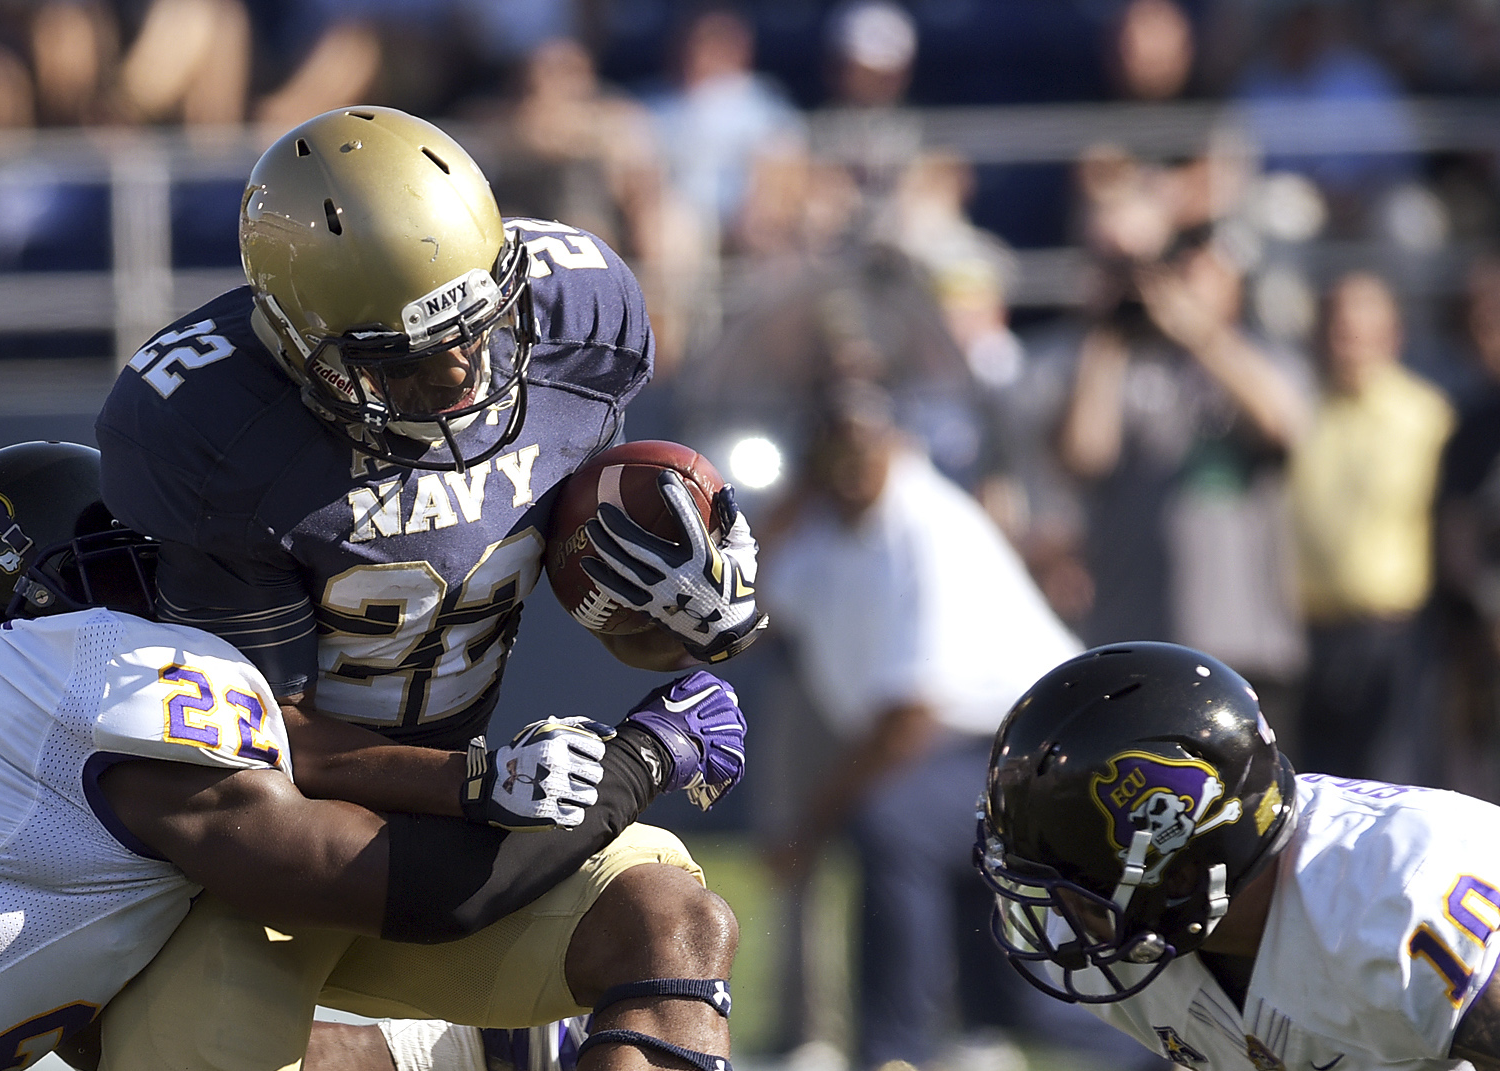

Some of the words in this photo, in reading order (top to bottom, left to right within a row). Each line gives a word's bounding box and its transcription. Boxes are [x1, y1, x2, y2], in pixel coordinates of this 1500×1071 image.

[426, 281, 468, 316] NAVY
[126, 318, 237, 399] 22
[348, 444, 539, 542] NAVY
[314, 526, 546, 727] 22
[158, 662, 282, 767] 22
[1110, 767, 1147, 809] ECU
[1406, 872, 1500, 1010] 10

______

Work request: Once more, give the listing above exactly, leaving each picture out.

Solution:
Some of the words in this photo, in reading order (top to bottom, left to right within a row). Each line gives a word's bounding box and its transcription. Boxes are [x1, y1, x2, y2], in pixel coordinates of this 1500×1071 image.

[426, 281, 468, 316] NAVY
[126, 318, 237, 399] 22
[348, 444, 539, 542] NAVY
[314, 526, 546, 727] 22
[158, 662, 282, 767] 22
[1110, 767, 1147, 809] ECU
[1406, 872, 1500, 1010] 10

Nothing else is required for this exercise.